▶ [PROBLEM TO SOLVE]: Print the data that follows word for word, leaving out any picture.

---------- EXTRACTED DATA ----------

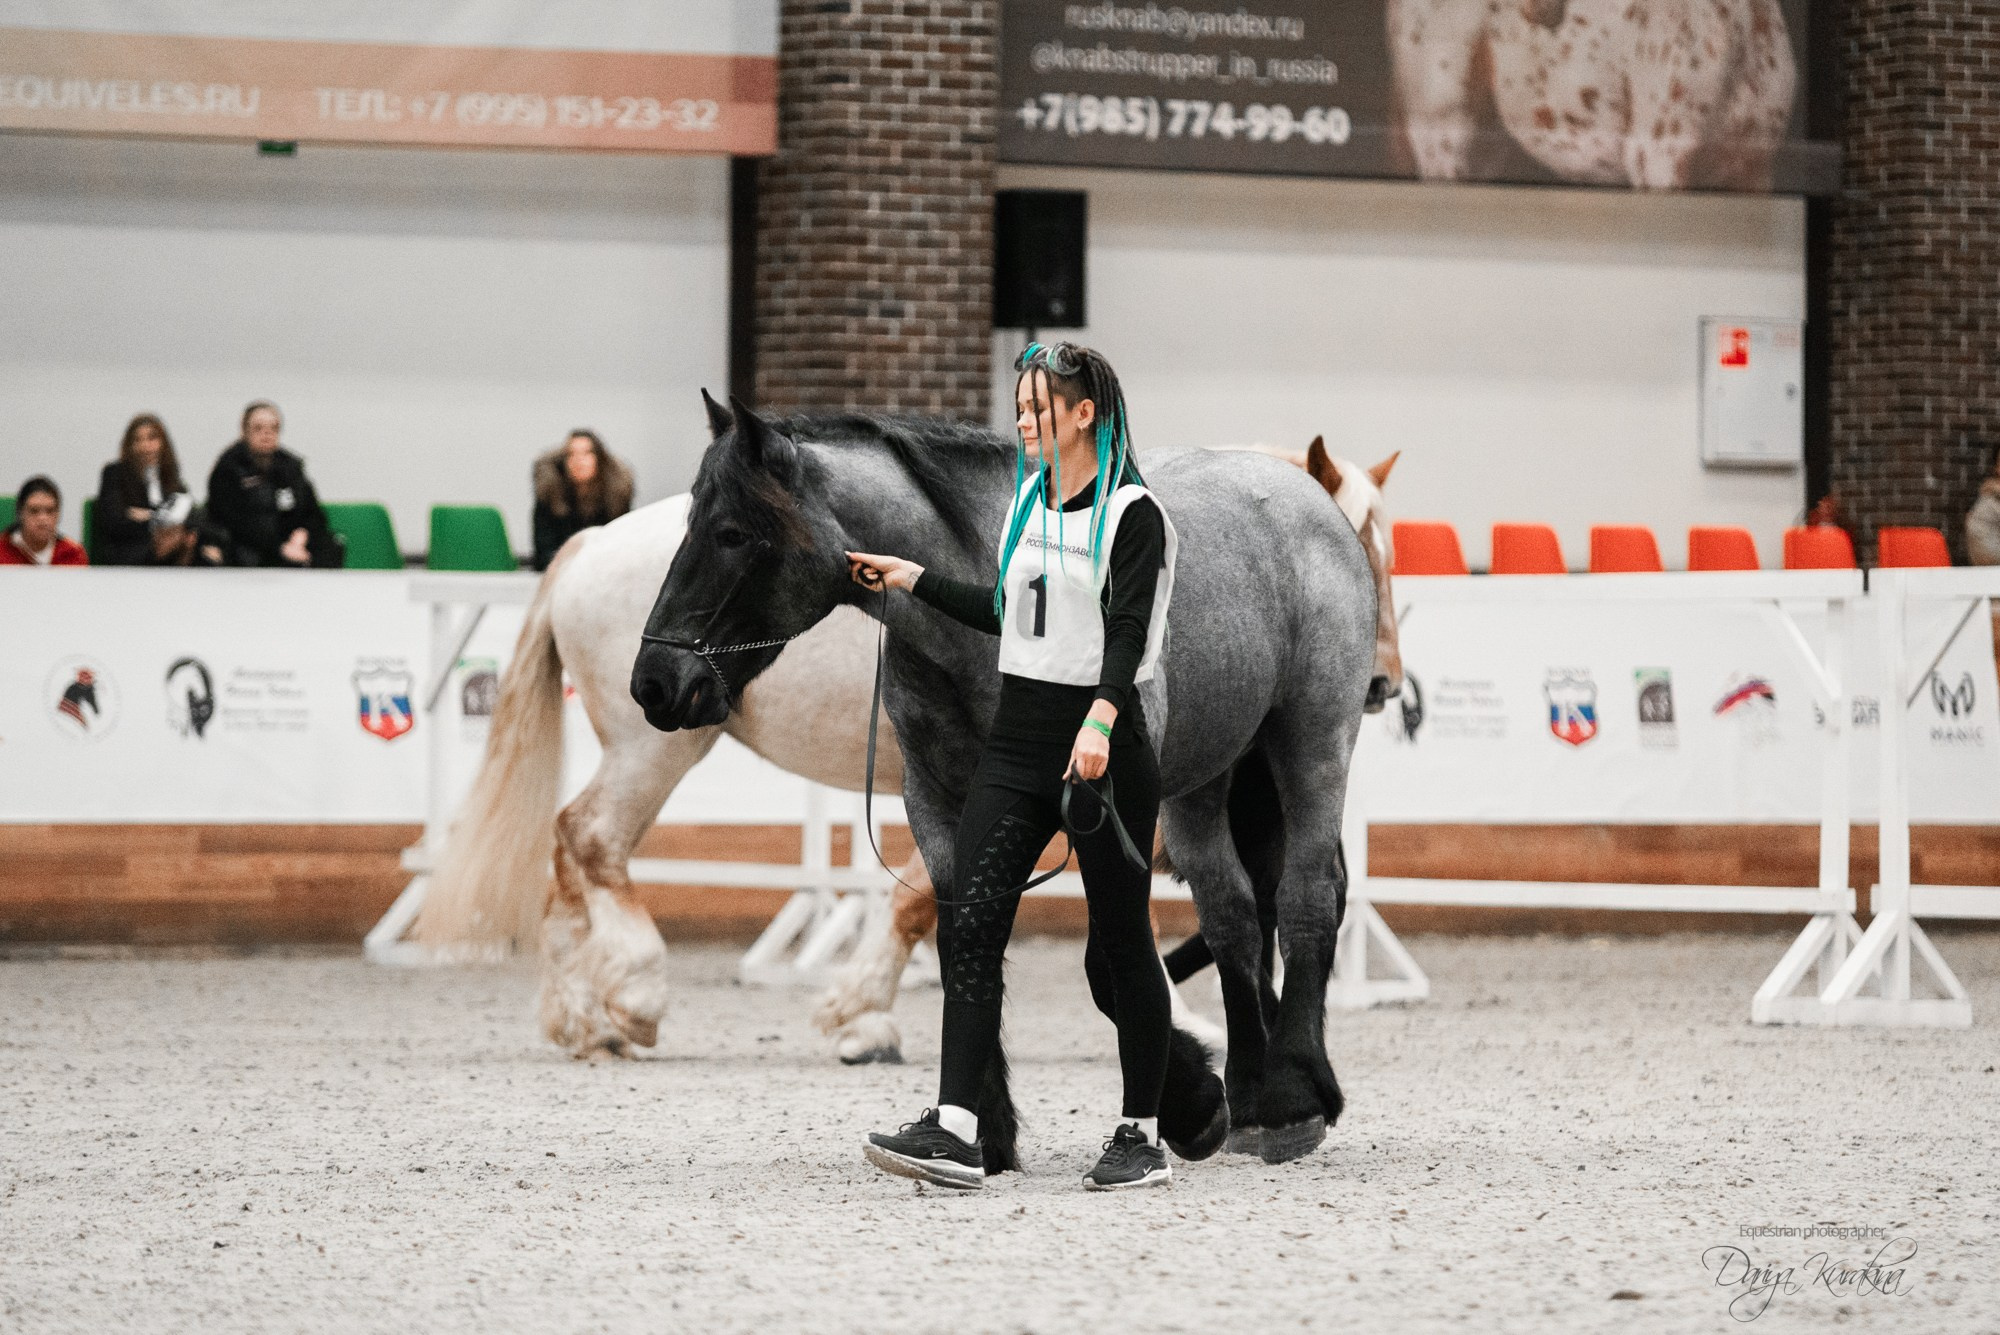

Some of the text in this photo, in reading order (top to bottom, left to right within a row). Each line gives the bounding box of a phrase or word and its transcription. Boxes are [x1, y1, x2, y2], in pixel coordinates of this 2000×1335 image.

[1064, 3, 1305, 41] rusknab@yandex.ru
[1031, 42, 1338, 85] @knabstrupper_in_russia
[409, 91, 450, 123] +7
[455, 92, 548, 129] (995)
[554, 95, 720, 133] 151-23-32
[1166, 98, 1351, 144] 774-99-60
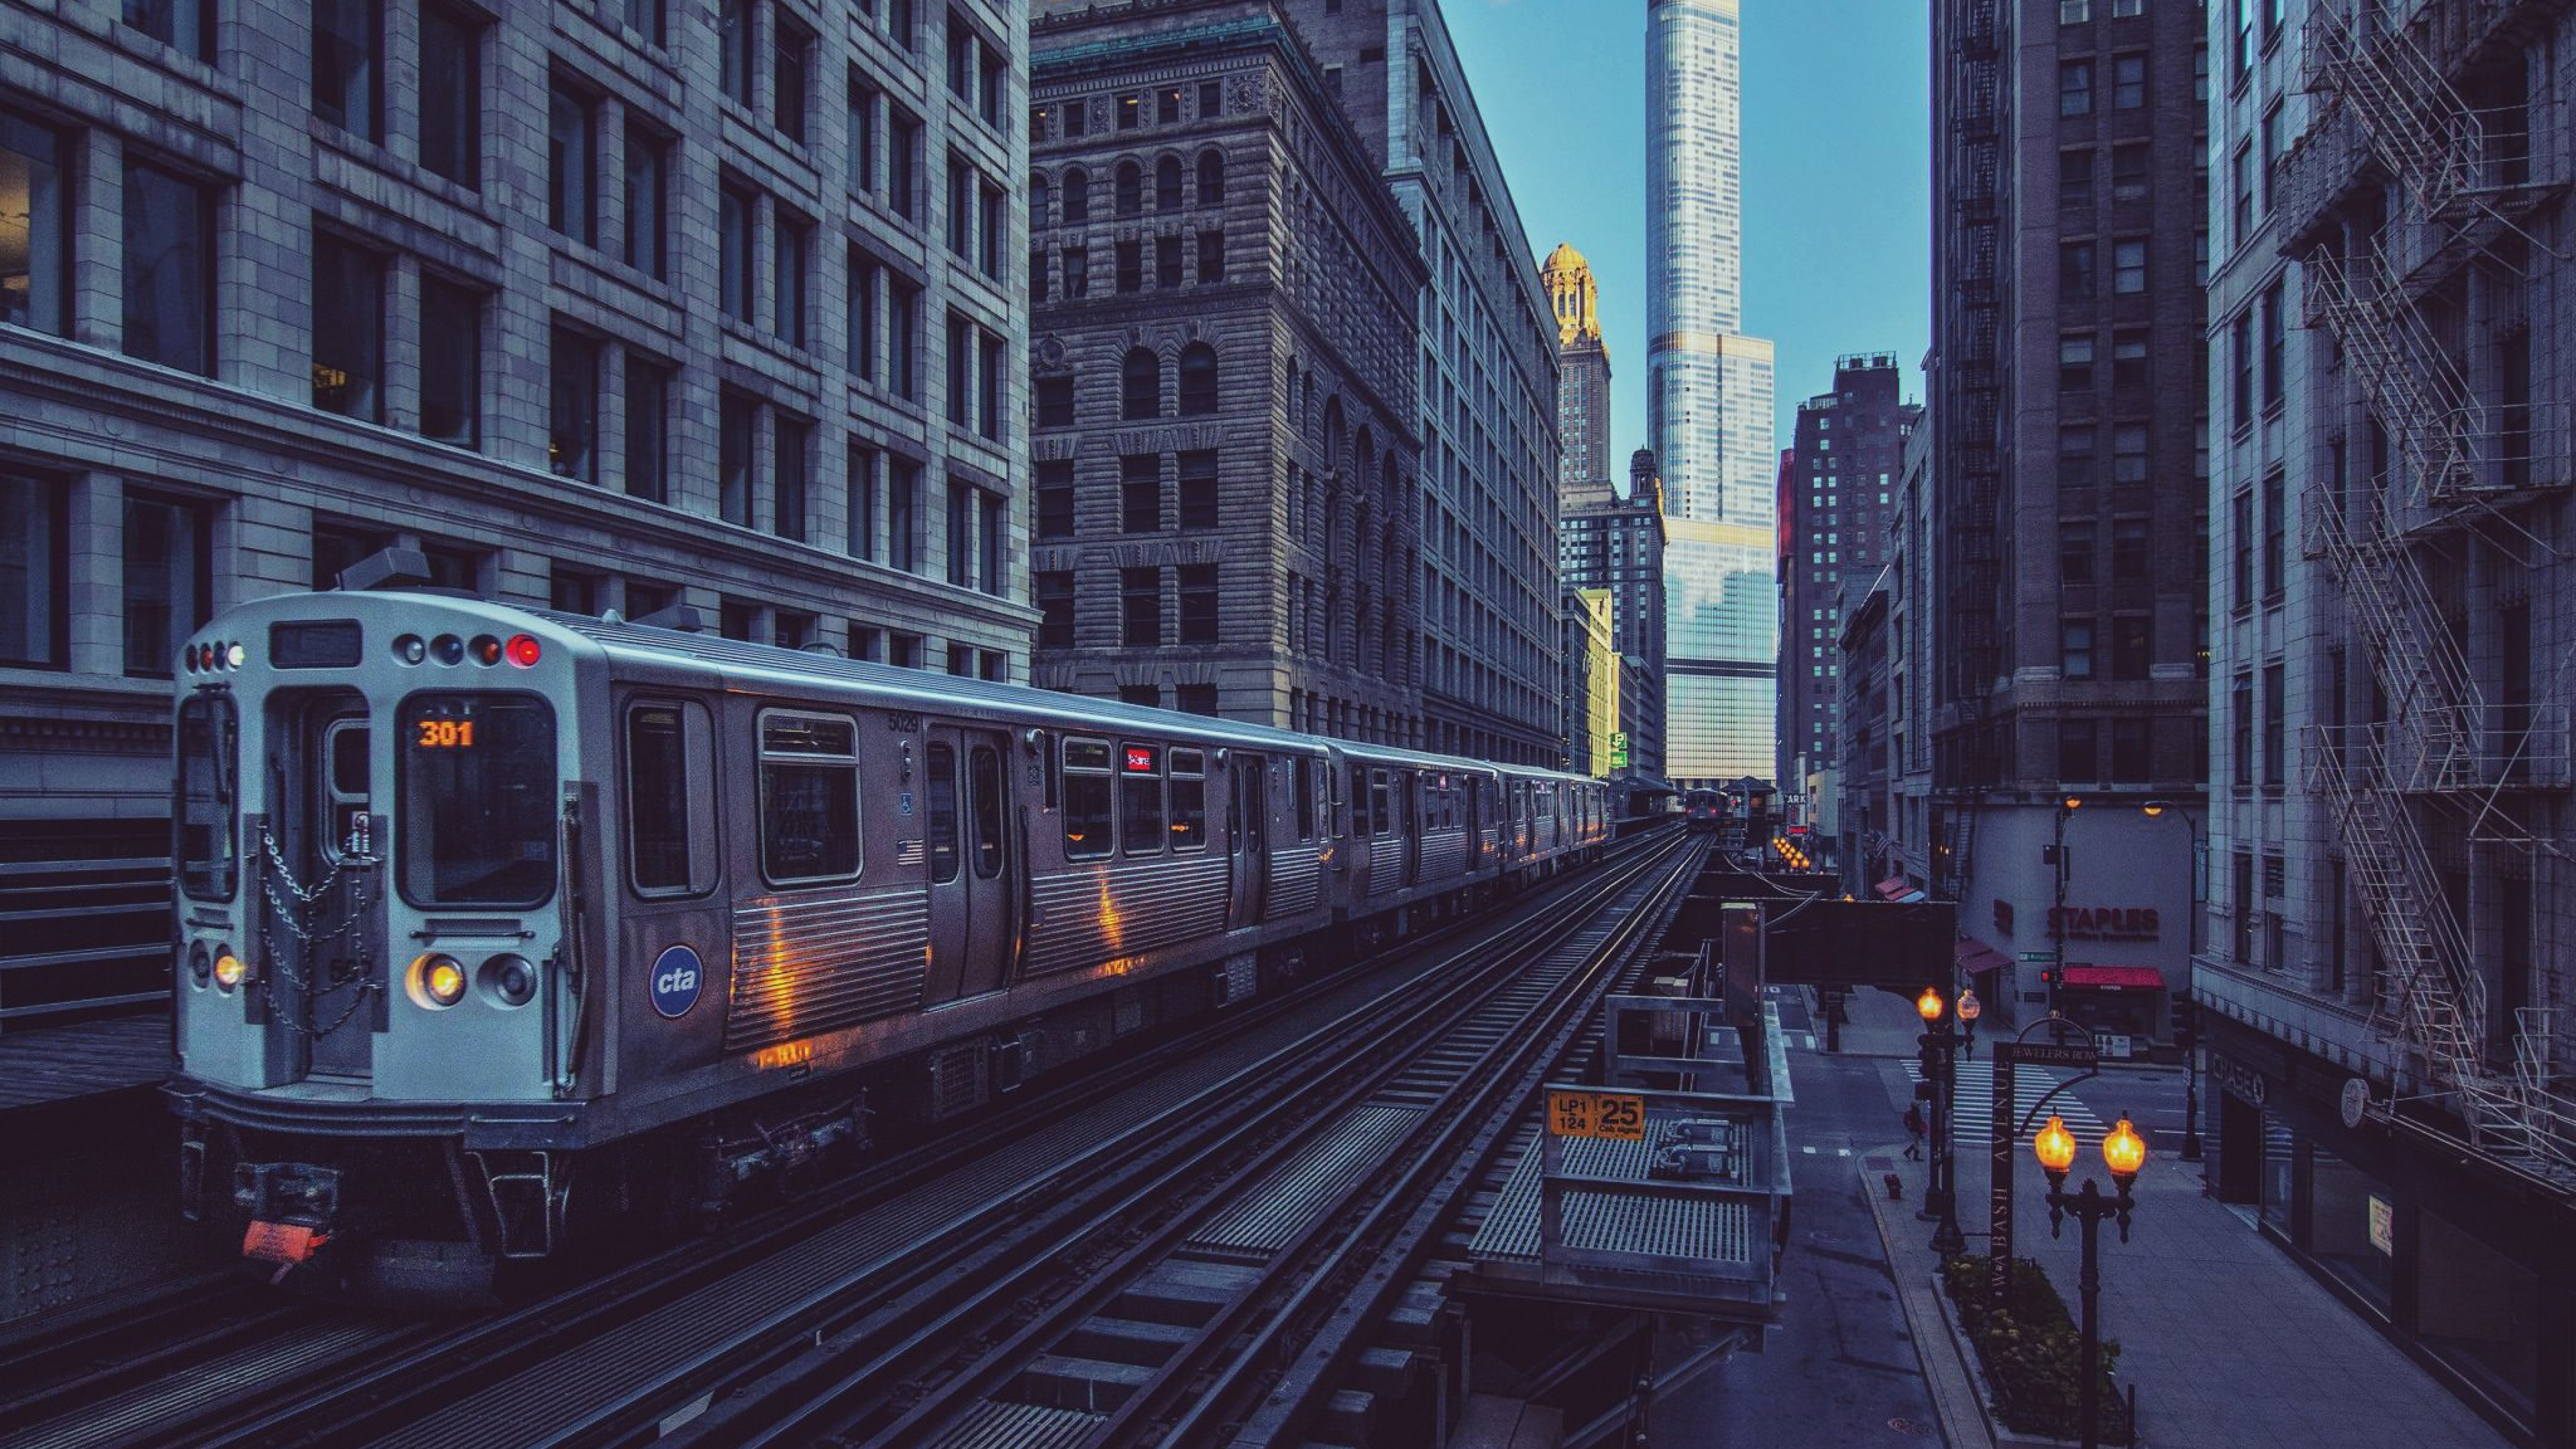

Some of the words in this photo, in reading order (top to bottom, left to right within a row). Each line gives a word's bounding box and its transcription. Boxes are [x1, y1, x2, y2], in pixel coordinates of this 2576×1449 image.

[419, 720, 473, 746] 301
[889, 712, 918, 733] 5029
[2048, 908, 2159, 930] STAPLES
[659, 968, 695, 994] cta
[1560, 1098, 1586, 1113] LP1
[1601, 1099, 1638, 1125] 25
[1994, 1062, 2009, 1163] AVENUE
[1560, 1117, 1585, 1129] 124
[1992, 1188, 2007, 1287] WABASH

----------

▶ [SOLVED PROBLEM]:
Some of the text in this photo, in reading order (top to bottom, left to right within a row). Each line gives the bounding box of a phrase or word and its transcription. Boxes are [x1, y1, x2, y2], in pixel coordinates of this 2000×1335 image.

[1064, 3, 1305, 41] rusknab@yandex.ru
[1031, 42, 1338, 85] @knabstrupper_in_russia
[409, 91, 450, 123] +7
[455, 92, 548, 129] (995)
[554, 95, 720, 133] 151-23-32
[1166, 98, 1351, 144] 774-99-60

Some of the words in this photo, in reading order (top to bottom, left to right within a row). Each line gives a word's bounding box and its transcription. Boxes are [x1, y1, x2, y2], in pixel coordinates of this 2576×1449 image.

[419, 720, 473, 746] 301
[889, 712, 918, 733] 5029
[2048, 908, 2159, 930] STAPLES
[659, 968, 695, 994] cta
[1560, 1098, 1586, 1113] LP1
[1601, 1099, 1638, 1125] 25
[1994, 1062, 2009, 1163] AVENUE
[1560, 1117, 1585, 1129] 124
[1992, 1188, 2007, 1287] WABASH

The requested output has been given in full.